Thursday, November 19, 2015
Book Review: The Girl in the Spider's Web by David Lagercrantz
Author: David Langercrantz
Enjoyment Rating: ****
Source: Digital Copy
Content Alert: violence, language, sexual content
I always figured that the story of Lisbeth Salander died with Stieg Larsson; that her three adventures with Mikael Blomkvist would be part of the body of Nordic crime fiction for time immemorial, but that she'd remain frozen in amber, without a neat resolution. So I was excited and a little dubious when I read that David Langercrantz had picked up and written The Girl in the Spider's Web, a new book in the Millennium series.
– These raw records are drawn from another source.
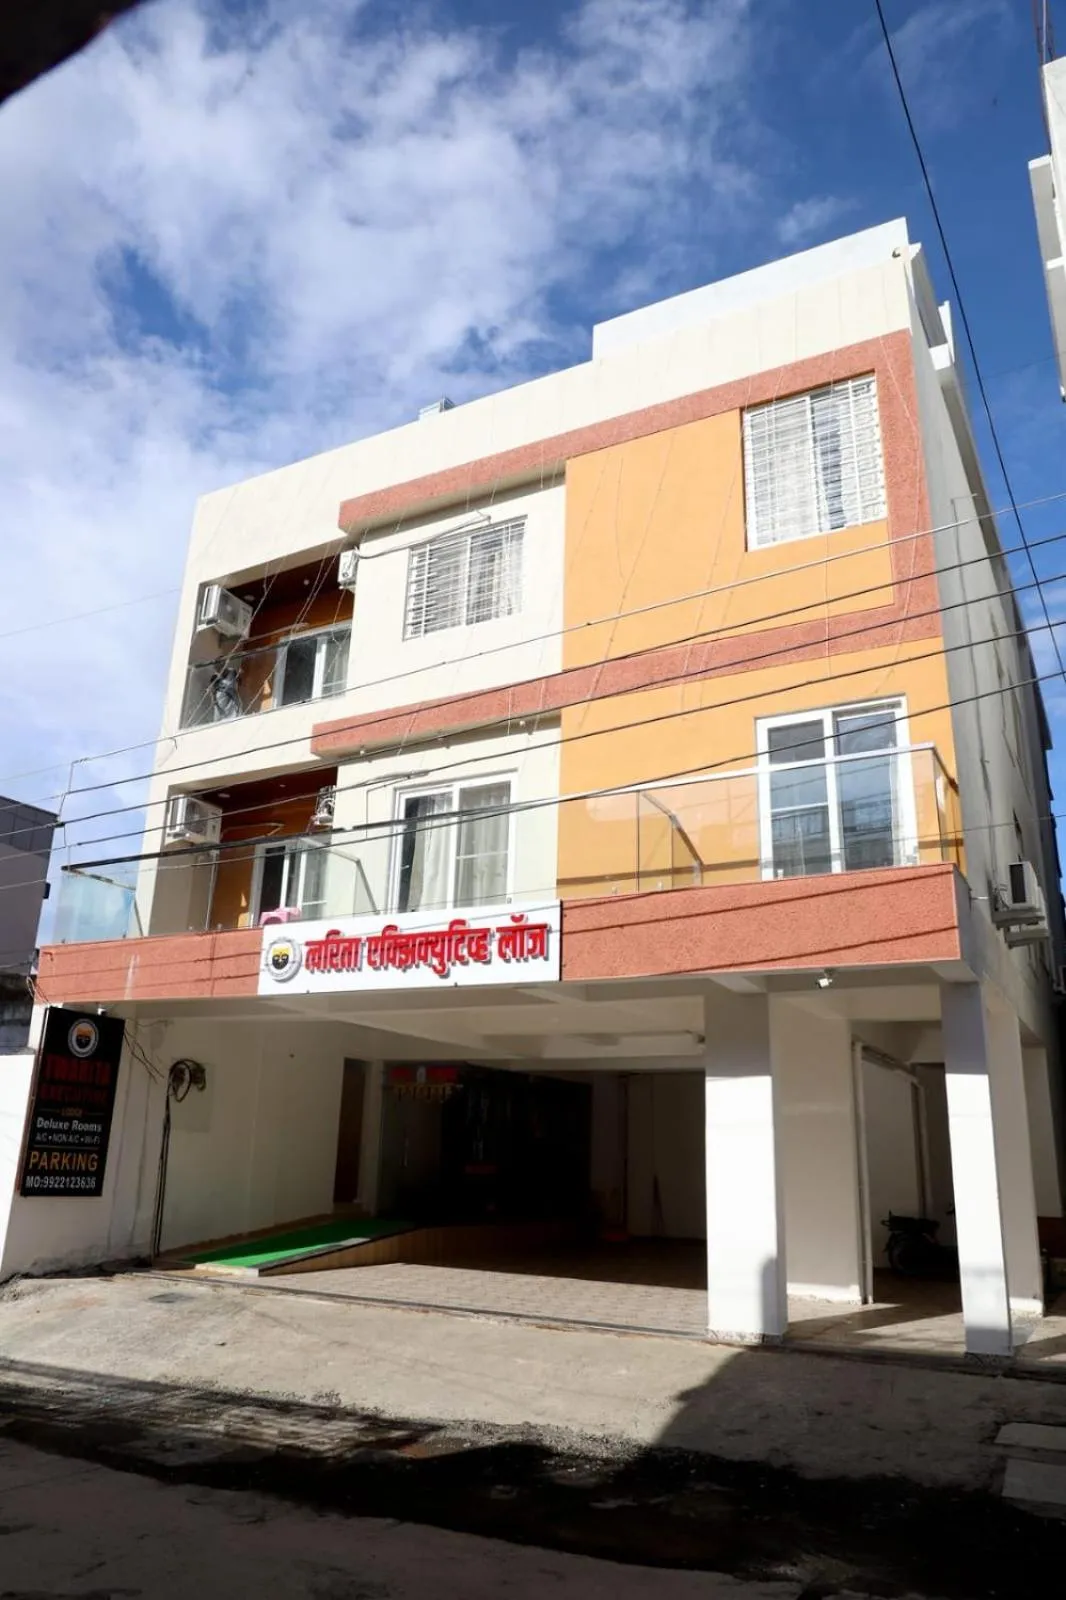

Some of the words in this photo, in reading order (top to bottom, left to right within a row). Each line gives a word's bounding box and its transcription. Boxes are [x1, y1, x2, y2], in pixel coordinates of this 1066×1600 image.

[496, 912, 550, 960] लॉज
[36, 1117, 70, 1130] Deluxe
[71, 1119, 102, 1132] Rooms
[28, 1151, 99, 1172] PARKING
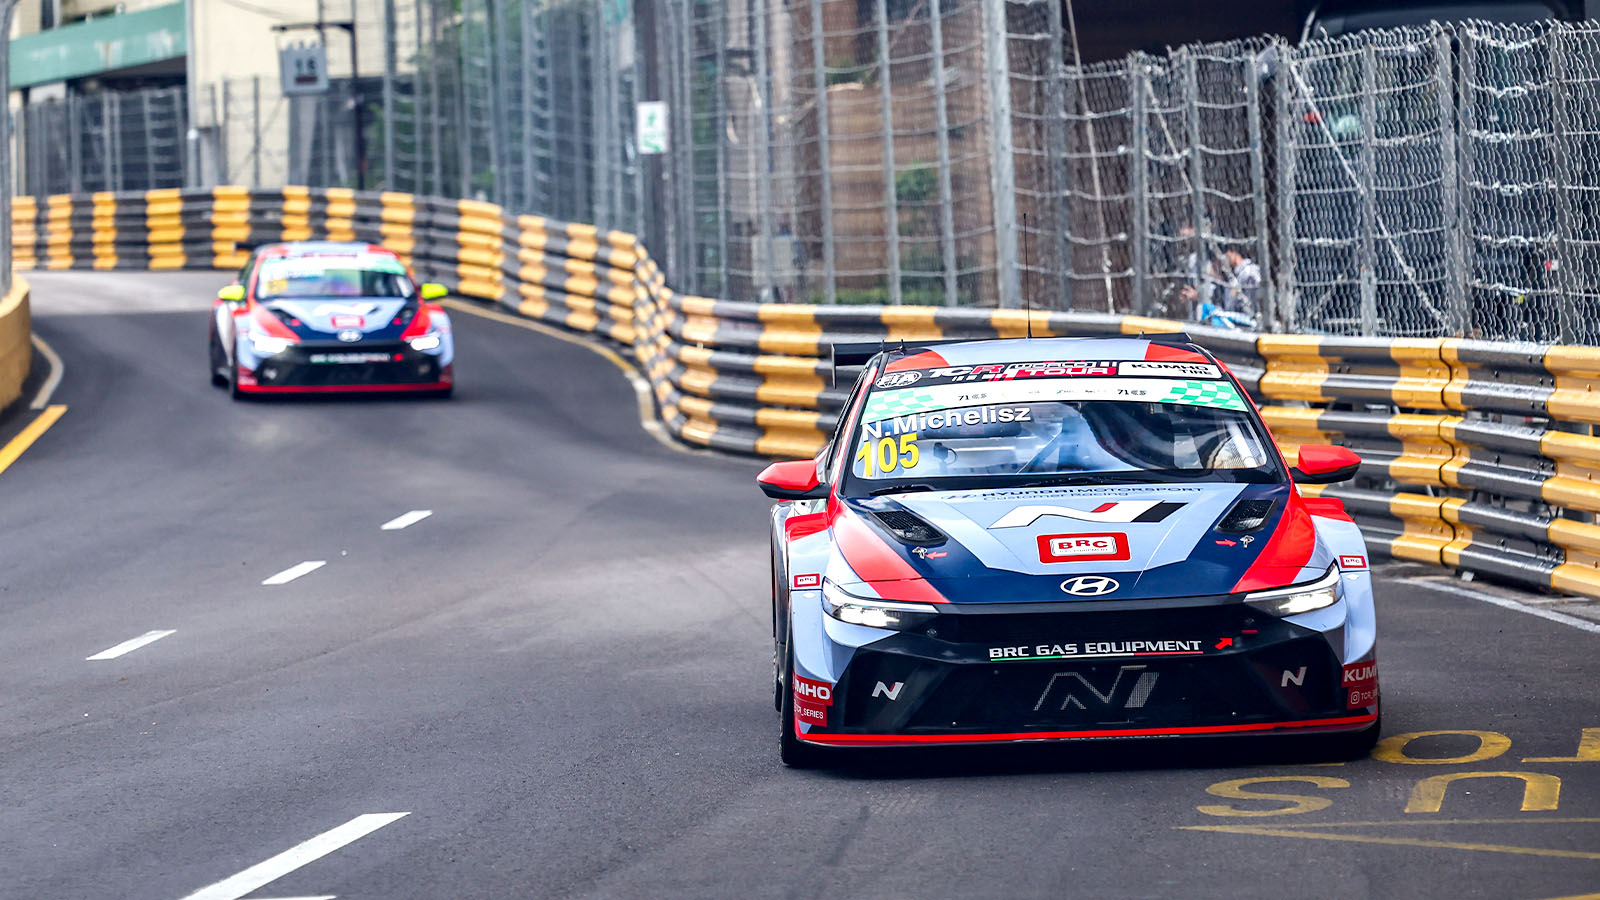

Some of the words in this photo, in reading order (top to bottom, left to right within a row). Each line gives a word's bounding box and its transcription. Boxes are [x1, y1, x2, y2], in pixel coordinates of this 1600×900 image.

In this book, Salander has her greatest challenge yet-- in the middle of a hack and a murder, she's charged with the care of the young, autistic child of a dead computer genius. Salander is famously socially challenged, and this book provides lots of opportunities for readers to see her grow.
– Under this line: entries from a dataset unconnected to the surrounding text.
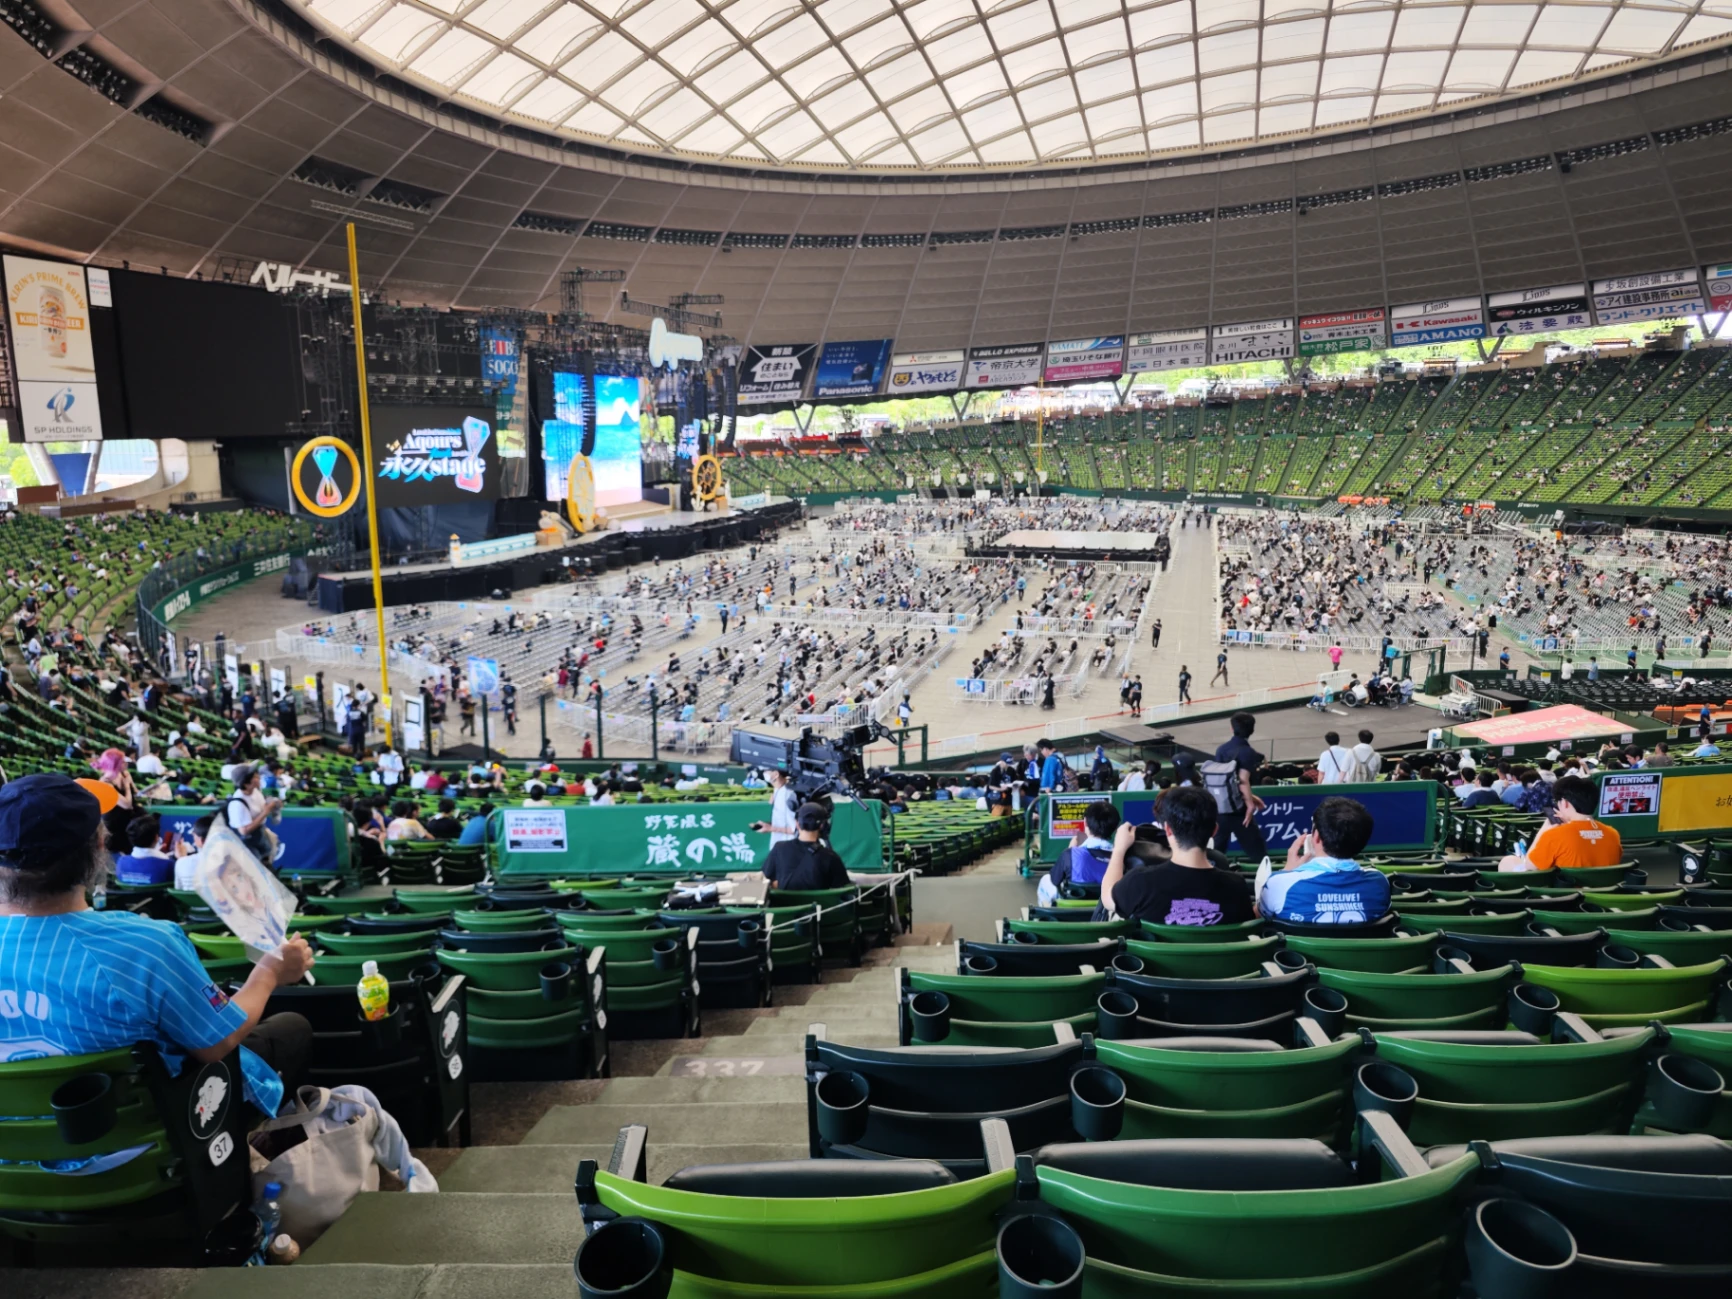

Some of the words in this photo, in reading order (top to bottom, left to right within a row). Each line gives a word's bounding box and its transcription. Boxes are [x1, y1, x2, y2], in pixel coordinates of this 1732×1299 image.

[10, 273, 35, 304] KIRIN'S
[36, 271, 63, 287] PRIME
[65, 282, 86, 310] BREW
[1516, 302, 1579, 315] ウィルキンソン
[1598, 302, 1704, 321] ランド・クリエイト
[1423, 314, 1478, 327] Kawasaki
[1518, 315, 1585, 331] 法要殿
[1420, 327, 1483, 341] AMANO
[1004, 346, 1038, 355] EXPRESS
[1215, 346, 1290, 362] HITACHI
[990, 358, 1038, 370] 帝京大学
[1062, 352, 1120, 363] 埼玉りそな銀行
[1152, 356, 1204, 368] 日本電工
[761, 362, 794, 372] 住まい
[818, 385, 873, 396] Panasonic
[34, 426, 47, 434] SP
[49, 426, 93, 434] HOLDINGS
[402, 433, 463, 453] Aqours
[1610, 776, 1654, 785] ATTENTION!
[644, 813, 716, 831] 野天風呂
[645, 832, 756, 868] 蔵の湯
[1317, 893, 1360, 902] LOVELIVE!
[684, 1060, 764, 1077] 337
[214, 1136, 227, 1158] 37
In The Girl in the Spider's Web, Lagercrantz is able to continue with all of the action and all of the complications that Larsson put into place with the original three novels. I'd say that in some ways the books are even better. There was far less emphasis on minute details like IKEA furniture lines and the brands of convenience store food Salander was eating (you can't edit a dead guy, I guess). Lagercrantz also ensures that Salander's extremely dysfunctional family will continue to plague Norway for years to come. For those of you rooting for a Mikael/Lisbeth relationship-- there are possibilities for that storyline to continue as well, although, I for one, think the series would be better without that angle.